February exhibited something we haven’t experienced in a while: market volatility. In recent months, investors have been conditioned with below normal volatility accompanied by advancing equity and fixed income markets. Such dynamics can lure investors into a false sense of security. February’s performance was akin to grade-school teacher’s reminder to sit up straight, pay attention, and not to slouch.

Larger company stocks, as represented by the S&P 500 Index, clocked a new high in mid-February before a slide in the latter half of the month. The technology-heavy NASDAQ Index approached December’s highs before succumbing to a similar slide. Much of the talk in recent years has centered around The Magnificent 7, a handful of stocks (Meta, Apple, Amazon, Microsoft, NVIDIA, Alphabet, and Tesla) driving recent market advancements, which has shown even they are not impervious to declines. The Roundhill Magnificent Seven ETF, an ETF designed to emulate the Mag-7 stocks, was down about 8.5%.

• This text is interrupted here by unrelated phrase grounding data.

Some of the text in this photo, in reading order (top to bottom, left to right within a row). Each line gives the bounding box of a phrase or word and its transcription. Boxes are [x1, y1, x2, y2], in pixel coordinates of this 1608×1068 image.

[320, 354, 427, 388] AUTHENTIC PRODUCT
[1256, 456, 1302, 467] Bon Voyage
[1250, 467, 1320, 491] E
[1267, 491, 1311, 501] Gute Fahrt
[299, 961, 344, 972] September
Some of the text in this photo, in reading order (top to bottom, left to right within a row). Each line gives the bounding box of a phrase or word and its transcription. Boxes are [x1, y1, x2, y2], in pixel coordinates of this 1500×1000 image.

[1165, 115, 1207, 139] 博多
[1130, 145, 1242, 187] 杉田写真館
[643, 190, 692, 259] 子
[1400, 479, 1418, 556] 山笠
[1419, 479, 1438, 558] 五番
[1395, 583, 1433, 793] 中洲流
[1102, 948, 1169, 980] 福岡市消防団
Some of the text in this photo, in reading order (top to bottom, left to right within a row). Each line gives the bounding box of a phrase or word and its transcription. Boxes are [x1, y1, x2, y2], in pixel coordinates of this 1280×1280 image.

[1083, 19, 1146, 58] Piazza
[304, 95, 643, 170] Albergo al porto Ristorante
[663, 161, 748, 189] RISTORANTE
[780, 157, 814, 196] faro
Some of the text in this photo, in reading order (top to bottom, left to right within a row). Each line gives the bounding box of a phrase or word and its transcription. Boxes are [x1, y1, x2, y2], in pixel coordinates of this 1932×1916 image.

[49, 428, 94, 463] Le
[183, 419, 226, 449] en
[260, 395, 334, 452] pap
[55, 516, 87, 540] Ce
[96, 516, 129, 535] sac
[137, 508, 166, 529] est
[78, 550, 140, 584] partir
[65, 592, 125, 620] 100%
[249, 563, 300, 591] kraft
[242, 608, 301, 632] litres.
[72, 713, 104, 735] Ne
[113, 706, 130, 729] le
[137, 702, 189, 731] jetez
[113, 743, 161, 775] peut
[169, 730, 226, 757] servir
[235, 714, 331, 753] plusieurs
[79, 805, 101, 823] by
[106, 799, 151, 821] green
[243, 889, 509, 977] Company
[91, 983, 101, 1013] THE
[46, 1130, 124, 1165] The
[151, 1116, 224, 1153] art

Investors undertook a flight to quality as bond yields fell, pushing bond prices higher. Specifically, higher investment grade bonds enjoyed the bulk of the fixed income appreciation while lesser quality bonds trailed. This is often the case when investors become anxious about economic prospects, interest rate policy or other uncertainties.
Moderating economic data was just enough for investors to raise concerns over previous soft-landing calls. In the latter weeks of February, Consumer Confidence and Consumer Sentiment measures recorded unexpected pullbacks. Recall, about 2/3rds of the economy is driven by U.S. Consumers making consumer angst a notable data point. Sticky inflation data gave the Federal Reserve reason to suggest a more hawkish stance than previously communicated adding to the market’s whipsaw effect.
International stocks, both developed markets and emerging markets, were benefactors of the U.S. stock market’s troubles. Some of this was associated with the falling U.S. dollar as well as economic data that bested gloomy European outlooks. European forecasts progressed from gloomy to ho-hum, a positive direction, nonetheless.
February was President Trump’s first full month of his second term. The first 5-6 weeks were witness to significant turmoil, something financial markets tend to eschew. At times, the market applauded policy changes, while the market disapproved at other times. As difficult as it is, we should be careful not to let our political views influence our longer-term objectives. The political pendulum is in a constant state of motion.
Overall, February 2025 was marked by economic moderation and mixed market performances across major regions. The interplay between early signs of consumer trepidation, sticky inflation, labor market dynamics, and geopolitical tensions will likely continue to shape economic and financial market trends in the coming months, something that we will continue to monitor.